El desperdicio que no cesa
23/03/2021

Según un informe de la ONU dado a conocer a principios de marzo, en 2019 el desperdicio de comida alcanzó las  931 millones de toneladas de alimentos a nivel mundial vendidos a hogares, minoristas, restaurantes y otros servicios alimentarios.

La cifra es descomunal, pero para captar con más intensidad su verdadera proporción basta saber que, en 2012,  unos investigadores británicos estimaron el peso de la población mundial en 287 millones de toneladas.  Más allá de los márgenes de error en este cálculo de magnitudes, el contraste entre ambas habla por sí solo. Otro contraste, que apunta el mismo informe, es que 690 millones de personas están afectadas por el hambre y 3.000 millones no pueden pagar una dieta saludable. La pandemia, sin duda, no habrá hecho más que agravar este tipo de situaciones debido a su impacto económico negativo. 

El título del informe en cuestión es Índice de desperdicio de alimentos 2021 y ha sido publicado por el Programa de las Naciones Unidas para el Medio Ambiente (PNUMA) y la organización asociada WRAP.  

Los millones de toneladas desperdiciadas representan el 17% de todos los alimentos disponibles. Hay que precisar que en esta recopilación  de datos se consideran también las partes no comestibles, como los huesos y cáscaras. Aún así, el hecho de que se tire casi una quinta parte de la comida sigue siendo preocupante.Podría pensarse, desde un cierto etnocentrismo crítico, que somos los países ricos los que provocamos prácticamente en exclusiva esta situación.
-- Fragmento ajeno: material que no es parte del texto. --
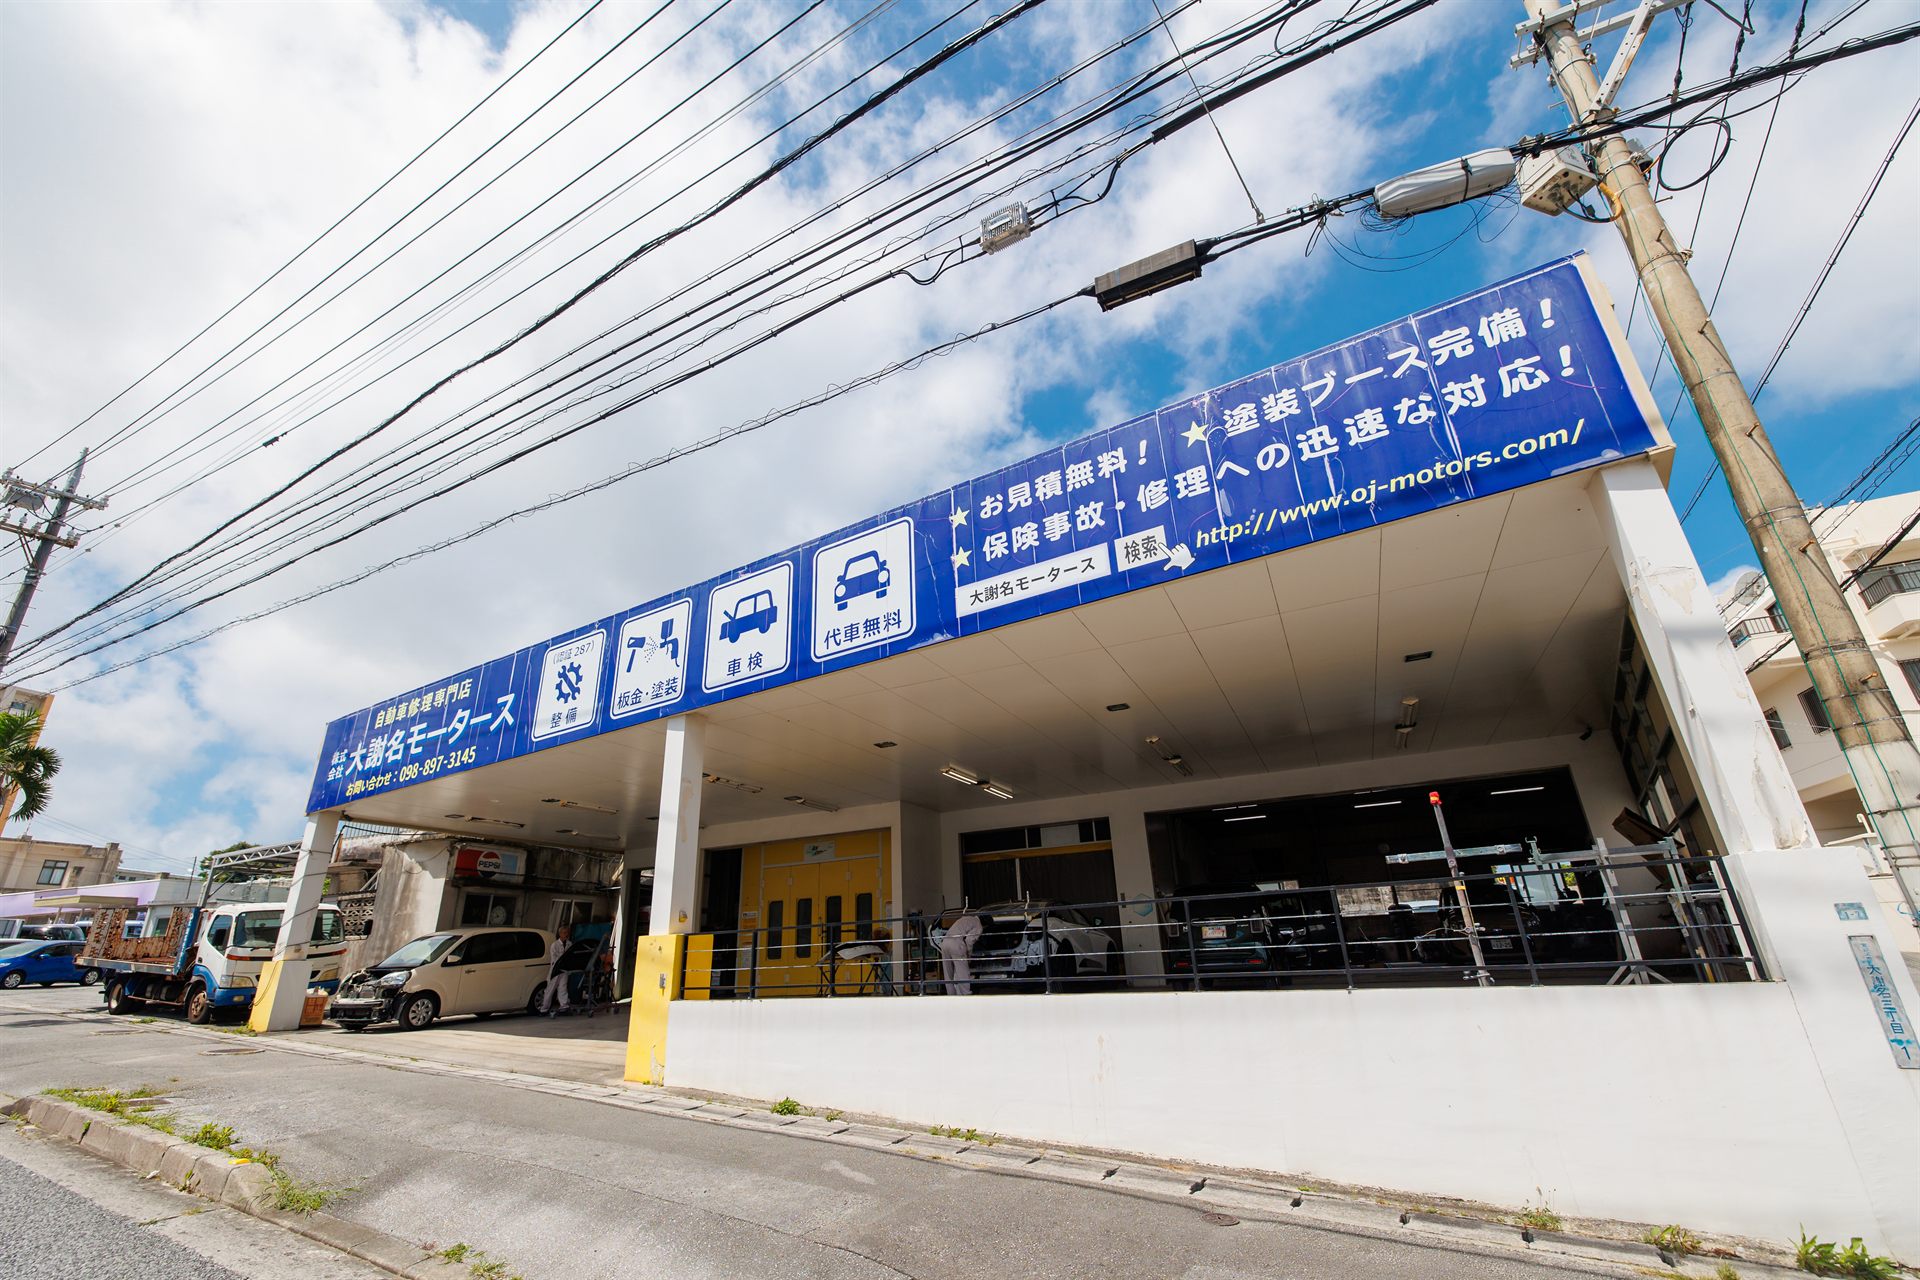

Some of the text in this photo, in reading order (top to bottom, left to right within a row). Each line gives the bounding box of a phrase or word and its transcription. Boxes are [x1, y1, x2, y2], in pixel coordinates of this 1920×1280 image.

[1223, 298, 1556, 438] 塗装ブース完備！
[982, 344, 1576, 563] 保険事故・修理への迅速な対応！
[979, 439, 1148, 519] お見積無料！
[1196, 418, 1585, 548] http://www.oj-motors.com/
[1124, 534, 1160, 565] 検索
[969, 557, 1096, 607] 大謝名モータース
[824, 608, 902, 650] 代車無料
[726, 651, 763, 677] 車検
[374, 678, 473, 729] 自動車修理専門店
[616, 676, 679, 710] 板金・塗装
[345, 692, 515, 776] 大謝名モータース
[478, 860, 501, 869] PEPSI
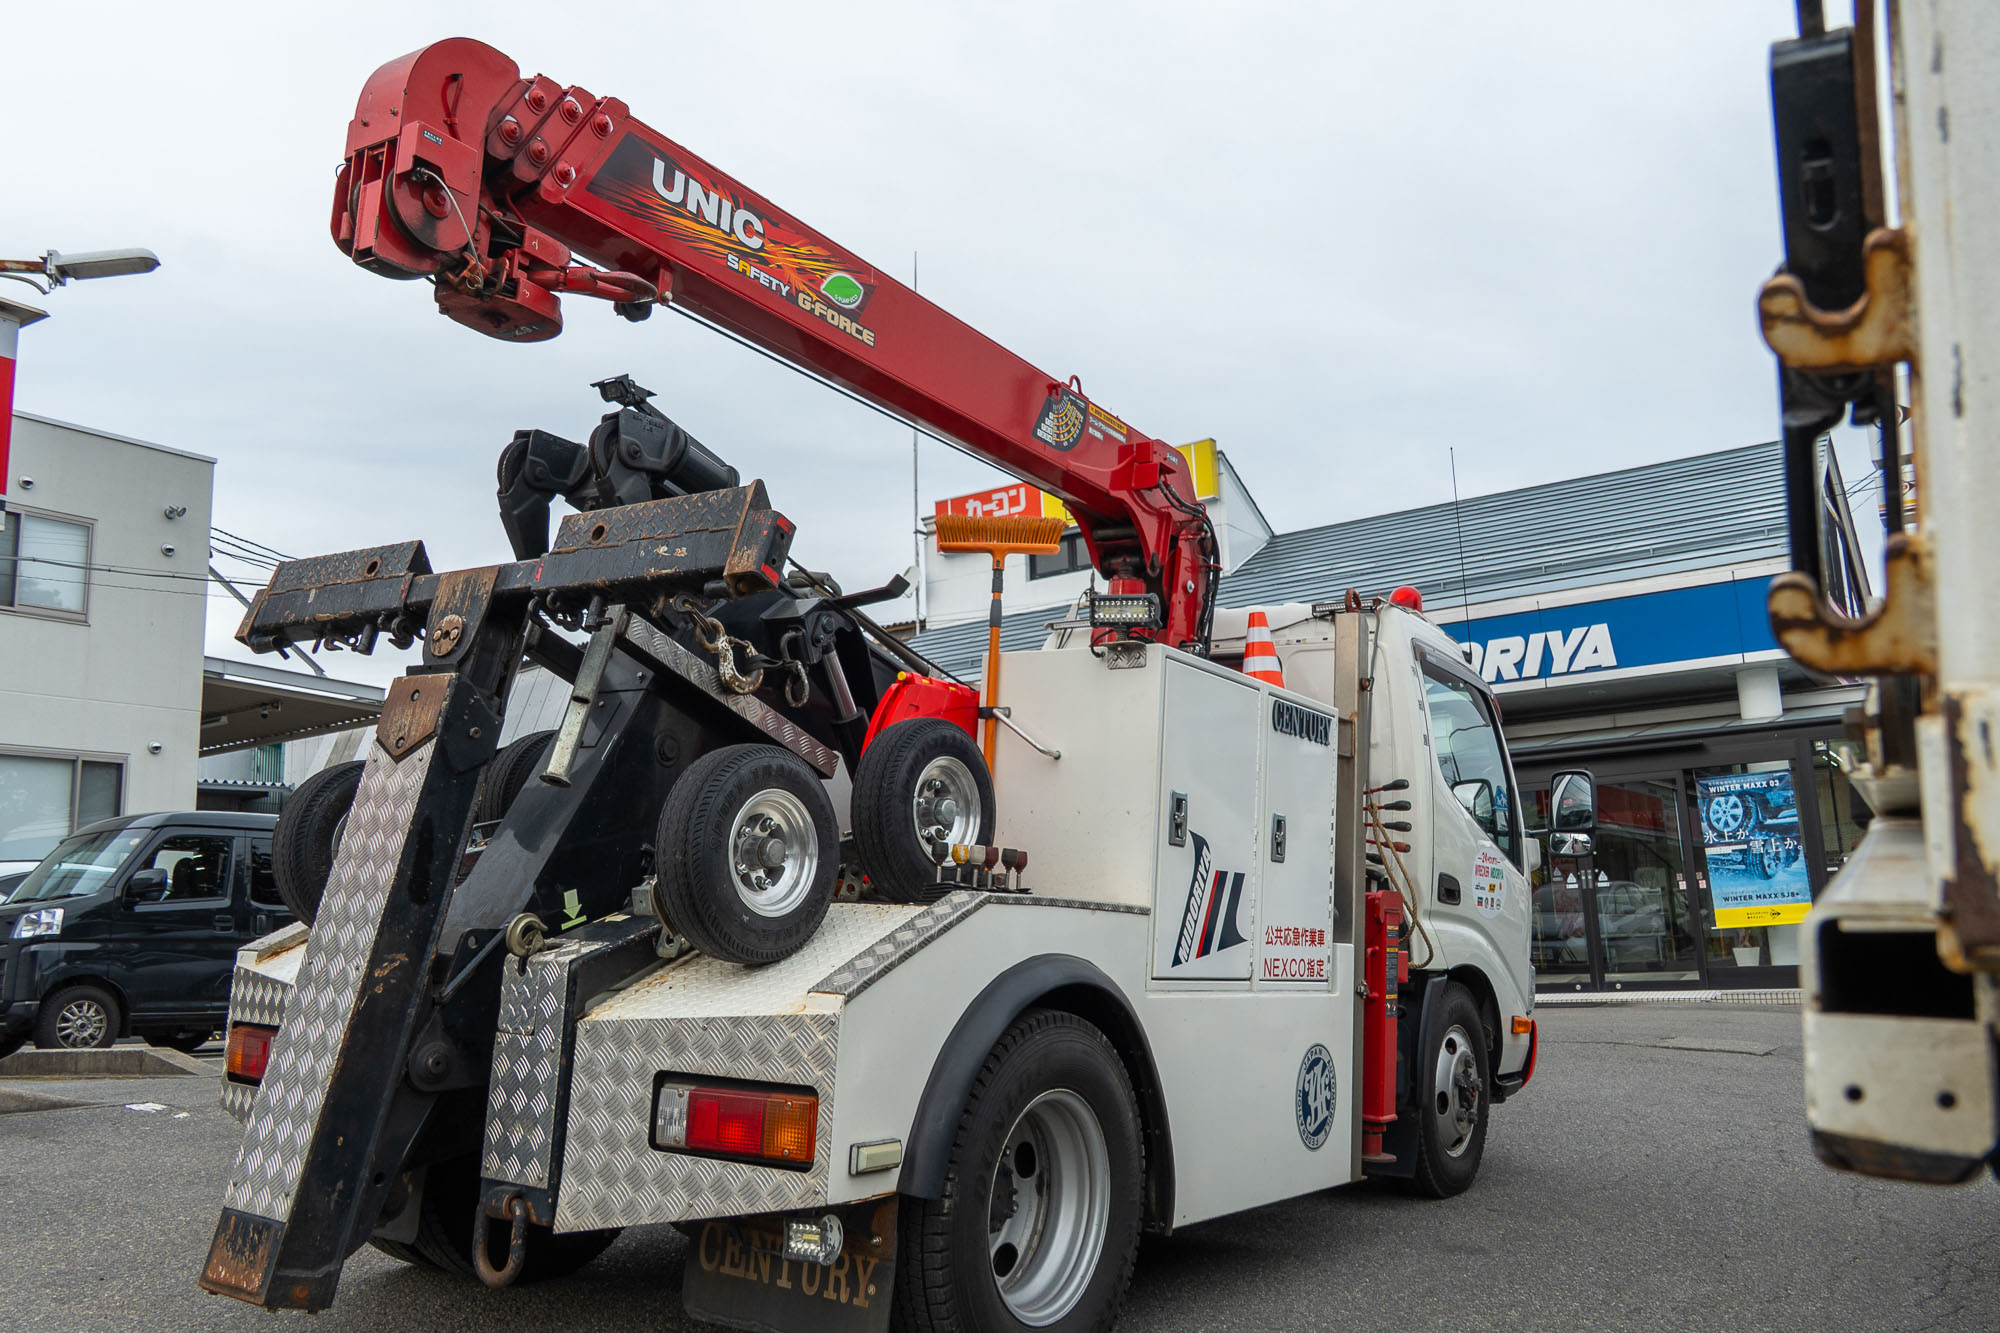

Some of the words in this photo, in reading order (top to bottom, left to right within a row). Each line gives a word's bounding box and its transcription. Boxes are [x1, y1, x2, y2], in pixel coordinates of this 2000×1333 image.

No es así.  Nigeria es uno de los países del mundo donde más comida se tira en los hogares, con 189 kilos per cápita al año, mientras que en los Estados Unidos la cifra es de 59.  En México se desperdician 94 kilos per cápita al año, en España, 77. 

Esta realidad suscita de inmediato la preocupación humanitaria y la reflexión sobre las consecuencias sociales de estos desequilibrios. Sin embargo, esto no debe minimizar el impacto ambiental del desperdicio alimentario.  

Cambio climático 

Tirar  comida que no se consumirá supone haber malgastado la energía necesaria para para elaborar los alimentos que se producen. Por tanto, para empezar ya contamos con unas emisiones de gases que se podrían haber ahorrado. Pero hay más: las grandes cantidades de alimentos que van al vertedero acabarán emitiendo metano al pudrirse, un gas de efecto invernadero (GEI) causante del cambio climático.  World Wild Fund ha señalado que el 11% de las  emisiones de GEI se deben al desperdicio alimentario. Otras fuentes como la FAO hablan del 8%.  

Todas las administraciones a escala local, regional, nacional e incluso a nivel supracional vienen promoviendo campañas hace años para afrontar este problema y reducir el desperdicio de alimentos. Naciones Unidas instituyó en 2019 el día internacional para al conciencia sobre la pérdida de comida y el desperdicio alimentario. Lo cierto es que algo se debe estar haciendo mal ya que el problema no solo no remite o se estanca, sino que, según han advertido algunos expertos, podría ir a más en esta década. 

Si estas previsiones se cumplen podrían afectar negativamente a la consecución de dos de los Objetivos de Desarrollo Sostenible: paradójicamente la consecución de un nivel de hambre cero (porque el hambre también persiste) y la garantía modalidades de consumo y producción sostenibles. 

El desperdicio alimentario es la expresión de una de las pulsiones humanas que dificultan la sostenibilidad del planeta: la idea de que más es siempre mejor.  En muchos hogares tanto la compra de comida excede la capacidad de consumo de la unidad familiar. Además, a menudo, el consumo que se realiza supera los límites de lo razonablemente saludable.  

Se podrá hablar de la confusión de las etiquetas de caducidad, de la falta de planificación, o del fondo invisible de la nevera, pero lo cierto es que estamos ante una cuestión de base psicológica y cultural más profunda. Es en este difícil terreno donde habrá que trabajar las soluciones.